Publié le 05 février 2009 par Christophe Laurent

L'actuelle polémique autour du livre de Pierre Péan « Le Monde selon K. » mettant en cause la moralité ou l'intégrité de Bernard Kouchner, ministre d'ouverture en charge de la diplomatie française, icône parmi les icônes, véhiculant l'image de l'homme au sac de riz m'a conduit à lire des articles sur une question connexe portant sur la responsabilité sociale et éthique des entreprises de l'industrie pharmaceutique de rang mondiale.

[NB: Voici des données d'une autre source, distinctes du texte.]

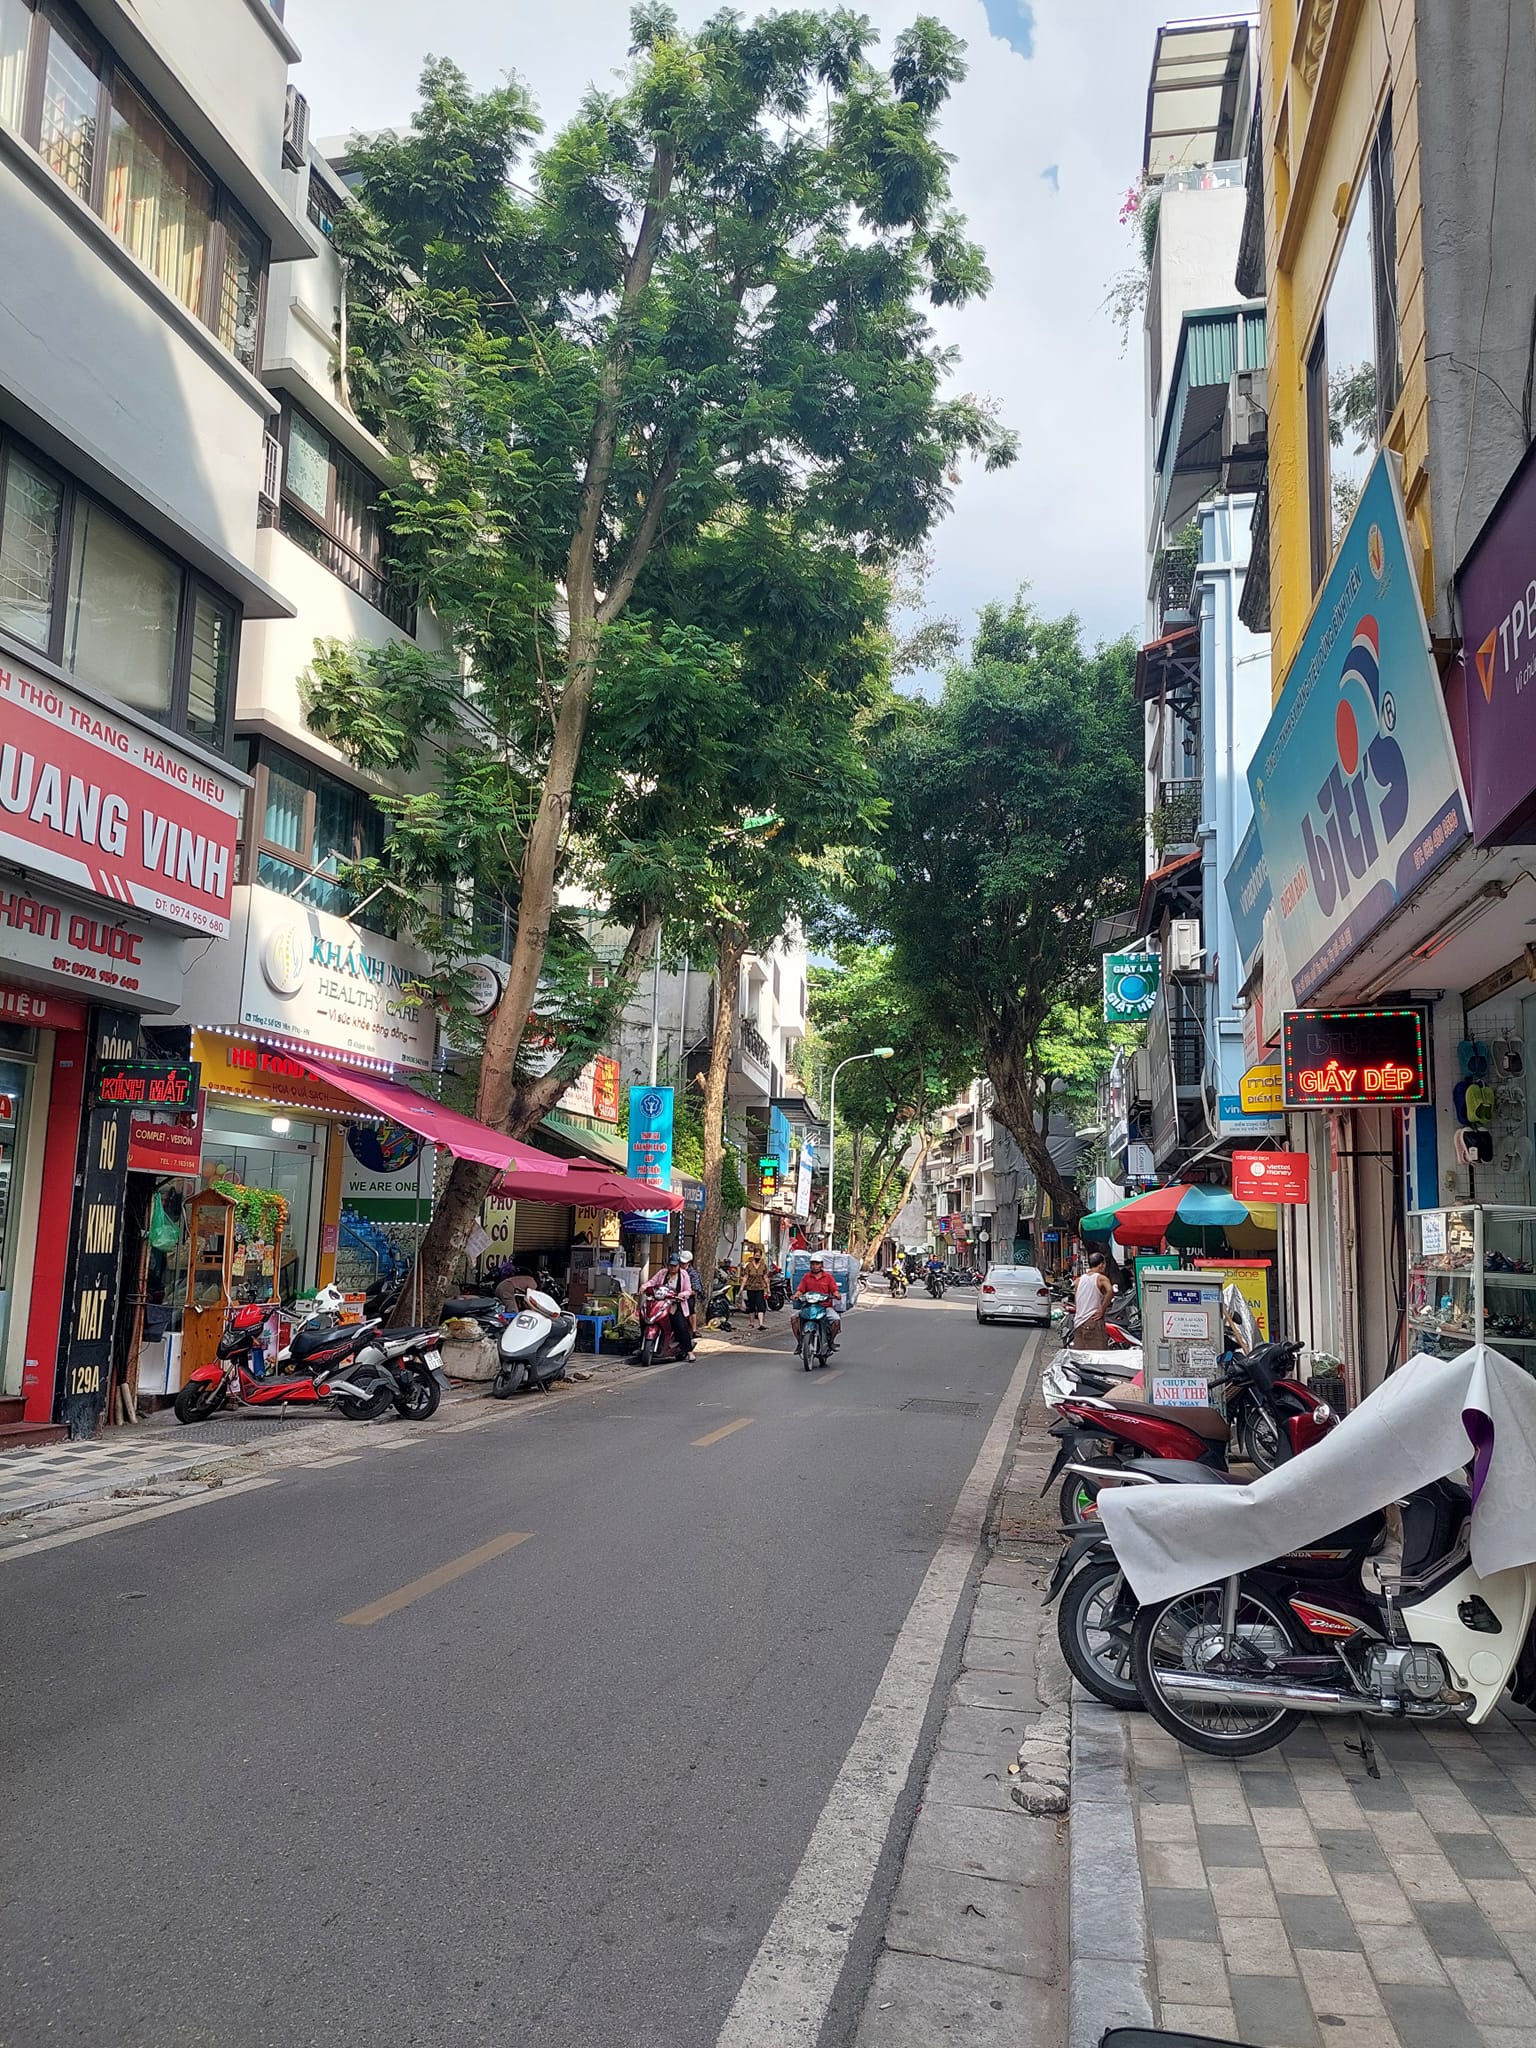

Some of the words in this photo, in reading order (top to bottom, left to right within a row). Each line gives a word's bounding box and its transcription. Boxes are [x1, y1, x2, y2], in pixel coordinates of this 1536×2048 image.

L'explosion des dépenses de santé dans les pays dits développés ont permis à cette industrie de réaliser des chiffres d'affaires colossaux à nous faire frémir en ces temps de crise - Pfizer (48,6 Md$), GlaxoSmithKline (44,2 Md$), Hoffmann-La Roche (42,2 Md$), Sanofi-Aventis (40,7 Md$) et Novartis (39,8 Md$) - et dont des études prospectives laissent penser que cette manne financière va continuer à croitre pour atteindre d'ici 2020, d'après une étude de PriceWaterHouseCoopers, 1300 Md$ (« Pharma 2020: The Vision - Which Path Will You Take? »). Ce chiffre est d'ailleurs hors de portée de notre imagination. Dans le même temps, on apprend que l'entreprise GSK se réorganise et licenciera 850 emplois en France d'ici 2012 sur les 6 000 salariés du groupe soit environ 14% des effectifs tandis que dans le même temps la page 'emploi' de son site affiche sans vergogne un slogan qui apparait pour le moins  contradictoire « il n'existe pas de croissance durable et responsable dans une entreprise sans développement des collaborateurs dans l'organisation » ! Que voilà de jolis mots ! Il n'est pas certain que les salariés du site d'Evreux apprécient à sa juste valeur ce bel engagement digne d'une politique de développement durable mûrement réfléchie et structurée. A lire les déclarations inquiétantes rassurantes de la direction de GSK (« GSK ne quitte pas la France, on ne va pas vers du low cost »), ils devraient pourtant comprendre qu'il s'agit de garantir un développement durable aux collaborateurs qui resteront et non pas comme le dénonce le syndicat CGT d' « assurer un taux de profitabilité optimum pour les actionnaires ». A moins que la CGT ne voit juste ... et on fait alors le lien avec l'étude de PwC !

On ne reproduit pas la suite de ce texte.